● Saved data entries
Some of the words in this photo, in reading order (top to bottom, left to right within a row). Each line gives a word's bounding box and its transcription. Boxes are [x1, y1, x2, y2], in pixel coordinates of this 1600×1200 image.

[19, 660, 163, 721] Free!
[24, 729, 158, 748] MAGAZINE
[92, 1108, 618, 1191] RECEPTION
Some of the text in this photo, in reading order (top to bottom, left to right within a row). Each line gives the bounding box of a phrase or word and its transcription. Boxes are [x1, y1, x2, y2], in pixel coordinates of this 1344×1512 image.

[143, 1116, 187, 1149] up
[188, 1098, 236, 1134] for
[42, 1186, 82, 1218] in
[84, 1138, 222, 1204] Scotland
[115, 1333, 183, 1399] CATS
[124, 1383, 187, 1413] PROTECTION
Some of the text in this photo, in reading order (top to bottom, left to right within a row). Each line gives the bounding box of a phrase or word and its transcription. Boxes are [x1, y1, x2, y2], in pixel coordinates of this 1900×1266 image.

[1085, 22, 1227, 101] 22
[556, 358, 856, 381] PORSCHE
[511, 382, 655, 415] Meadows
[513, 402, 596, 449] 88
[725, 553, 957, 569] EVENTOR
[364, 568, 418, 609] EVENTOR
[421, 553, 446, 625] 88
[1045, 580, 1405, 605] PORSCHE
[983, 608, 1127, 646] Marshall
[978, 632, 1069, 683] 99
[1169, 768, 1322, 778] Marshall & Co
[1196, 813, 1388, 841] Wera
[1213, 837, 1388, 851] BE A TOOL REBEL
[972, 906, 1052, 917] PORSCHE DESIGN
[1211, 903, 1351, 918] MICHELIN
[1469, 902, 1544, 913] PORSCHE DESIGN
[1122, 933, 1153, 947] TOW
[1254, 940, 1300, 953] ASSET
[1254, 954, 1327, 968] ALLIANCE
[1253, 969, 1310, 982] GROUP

● EXERCISE INSTRUCTIONS
Repeat the records above exactly, from the first line to the last.

● WRITTEN RESPONSE
Some of the words in this photo, in reading order (top to bottom, left to right within a row). Each line gives a word's bounding box and its transcription. Boxes are [x1, y1, x2, y2], in pixel coordinates of this 1600×1200 image.

[19, 660, 163, 721] Free!
[24, 729, 158, 748] MAGAZINE
[92, 1108, 618, 1191] RECEPTION
Some of the text in this photo, in reading order (top to bottom, left to right within a row). Each line gives the bounding box of a phrase or word and its transcription. Boxes are [x1, y1, x2, y2], in pixel coordinates of this 1344×1512 image.

[143, 1116, 187, 1149] up
[188, 1098, 236, 1134] for
[42, 1186, 82, 1218] in
[84, 1138, 222, 1204] Scotland
[115, 1333, 183, 1399] CATS
[124, 1383, 187, 1413] PROTECTION
Some of the text in this photo, in reading order (top to bottom, left to right within a row). Each line gives the bounding box of a phrase or word and its transcription. Boxes are [x1, y1, x2, y2], in pixel coordinates of this 1900×1266 image.

[1085, 22, 1227, 101] 22
[556, 358, 856, 381] PORSCHE
[511, 382, 655, 415] Meadows
[513, 402, 596, 449] 88
[725, 553, 957, 569] EVENTOR
[364, 568, 418, 609] EVENTOR
[421, 553, 446, 625] 88
[1045, 580, 1405, 605] PORSCHE
[983, 608, 1127, 646] Marshall
[978, 632, 1069, 683] 99
[1169, 768, 1322, 778] Marshall & Co
[1196, 813, 1388, 841] Wera
[1213, 837, 1388, 851] BE A TOOL REBEL
[972, 906, 1052, 917] PORSCHE DESIGN
[1211, 903, 1351, 918] MICHELIN
[1469, 902, 1544, 913] PORSCHE DESIGN
[1122, 933, 1153, 947] TOW
[1254, 940, 1300, 953] ASSET
[1254, 954, 1327, 968] ALLIANCE
[1253, 969, 1310, 982] GROUP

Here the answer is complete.